=== Section Start ===

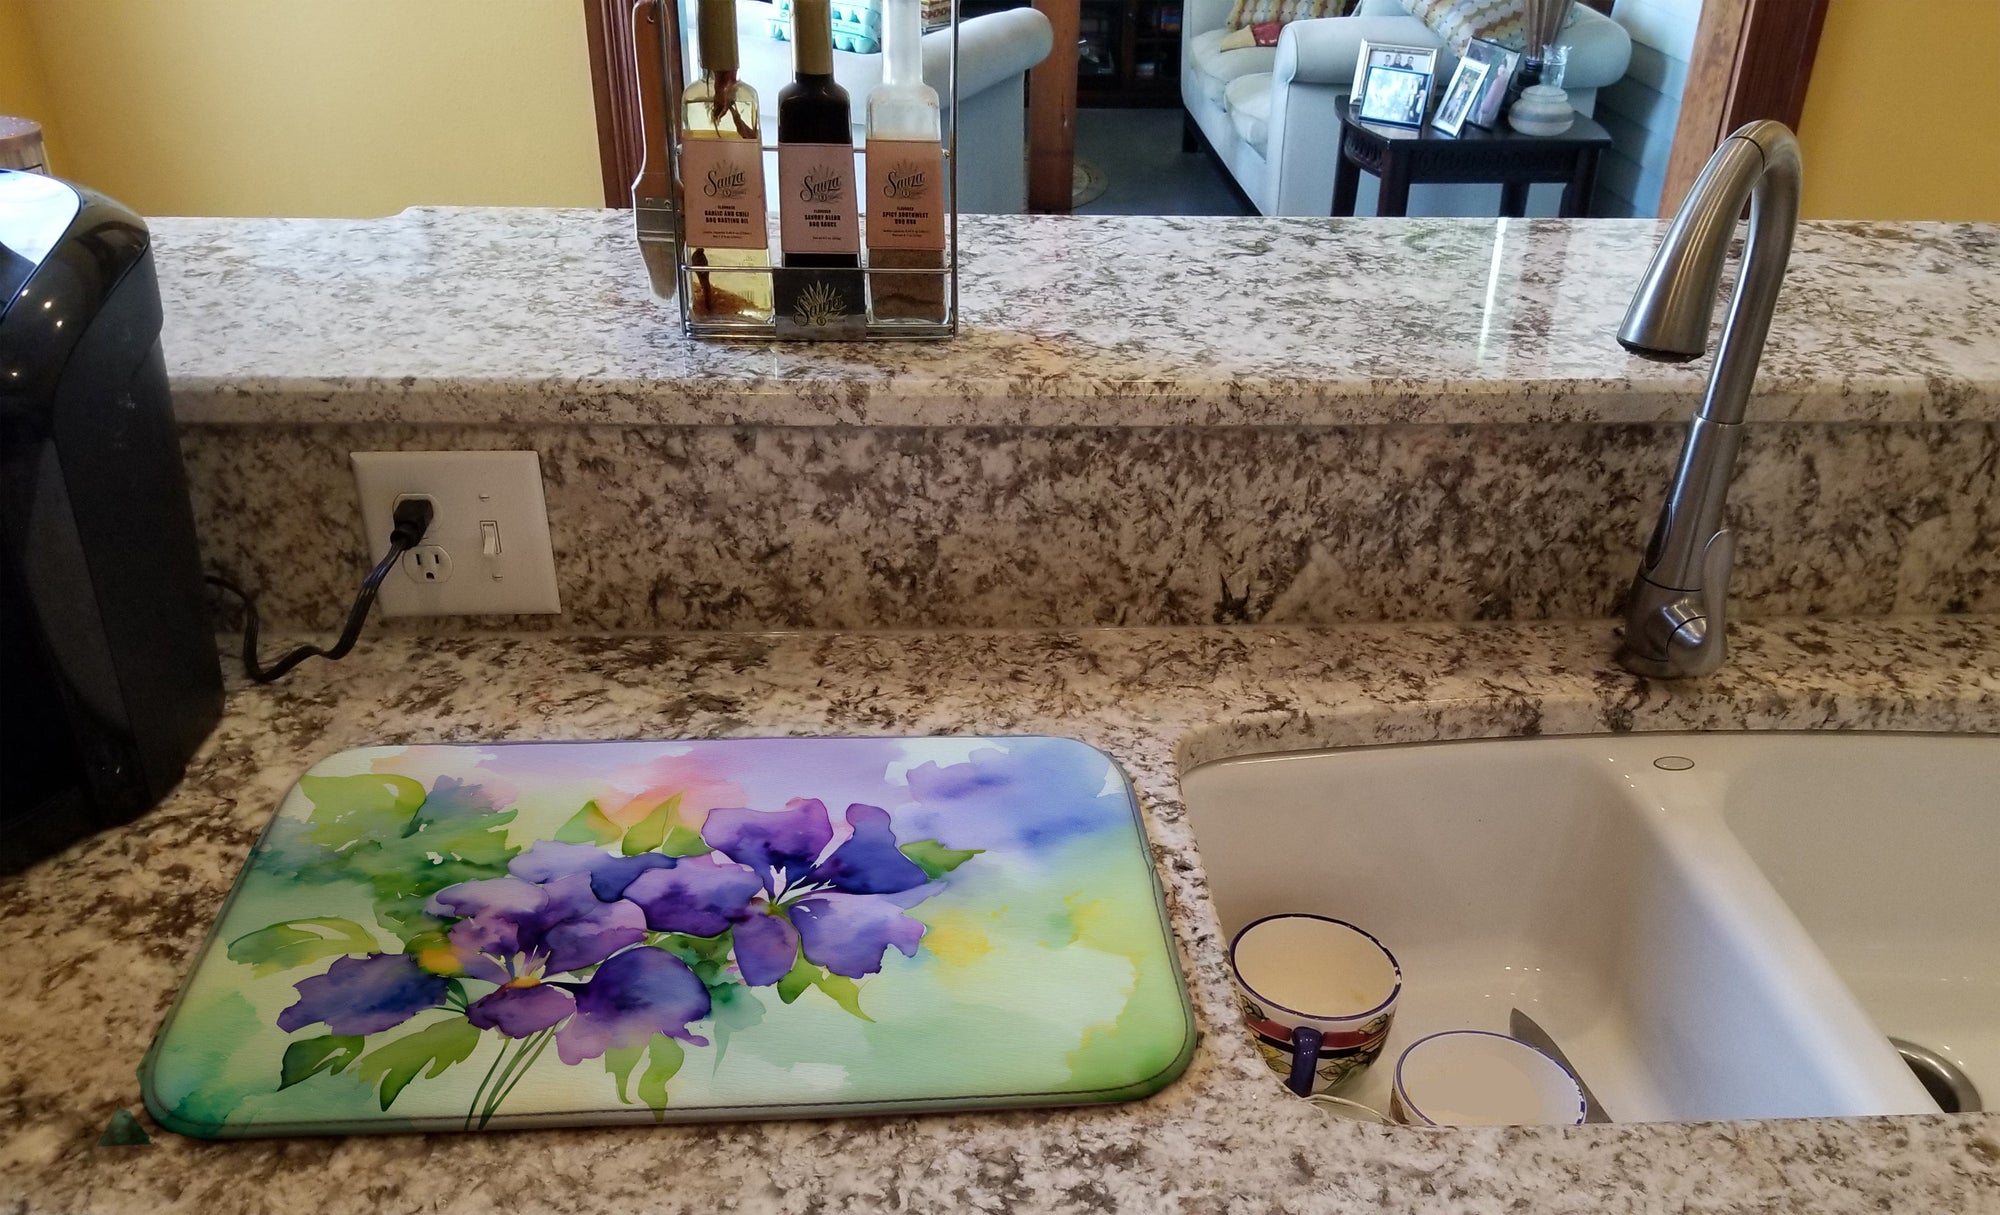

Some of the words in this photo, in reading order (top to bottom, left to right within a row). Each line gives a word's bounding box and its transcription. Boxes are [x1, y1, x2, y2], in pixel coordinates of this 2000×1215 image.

[704, 170, 745, 197] Sauza
[800, 175, 841, 202] Sauza
[884, 171, 925, 198] Sauza
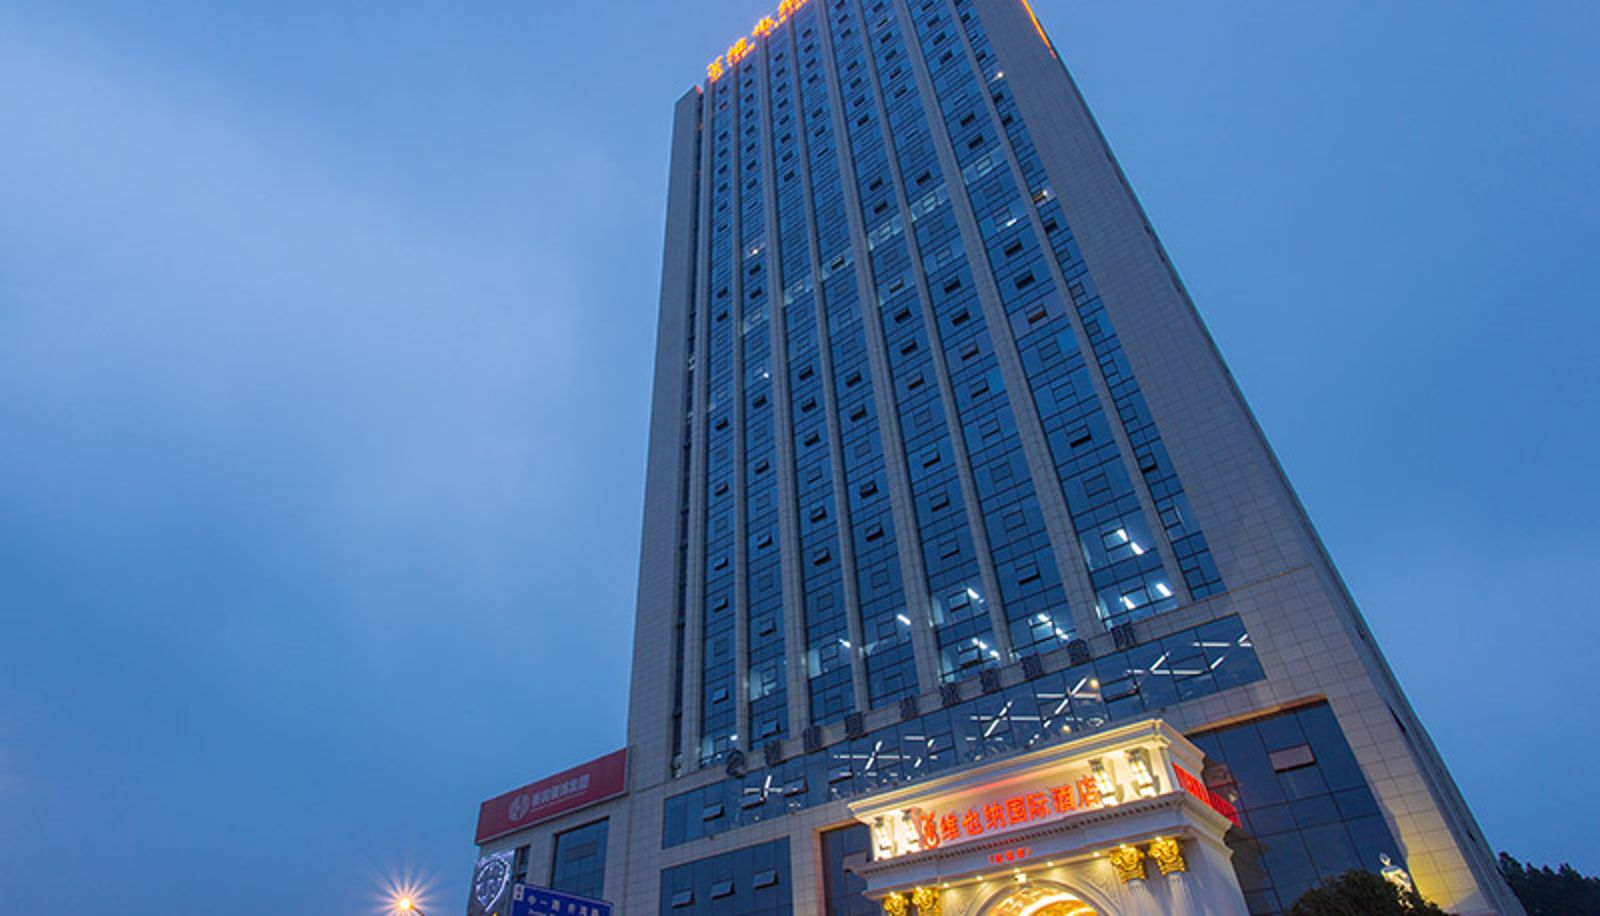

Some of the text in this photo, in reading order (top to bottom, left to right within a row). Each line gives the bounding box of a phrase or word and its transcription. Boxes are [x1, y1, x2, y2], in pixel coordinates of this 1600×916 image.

[940, 775, 1101, 842] 维也纳国际酒店

=== Section End ===

• What you are asked to do: Give the records above again in full and exactly, but exclude every picture.

• Solution for this exercise:
Some of the words in this photo, in reading order (top to bottom, left to right within a row). Each line gives a word's bounding box and its transcription. Boxes are [x1, y1, x2, y2], in pixel coordinates of this 2000×1215 image.

[704, 170, 745, 197] Sauza
[800, 175, 841, 202] Sauza
[884, 171, 925, 198] Sauza

Some of the text in this photo, in reading order (top to bottom, left to right within a row). Each line gives the bounding box of a phrase or word and its transcription. Boxes are [x1, y1, x2, y2], in pixel coordinates of this 1600×916 image.

[940, 775, 1101, 842] 维也纳国际酒店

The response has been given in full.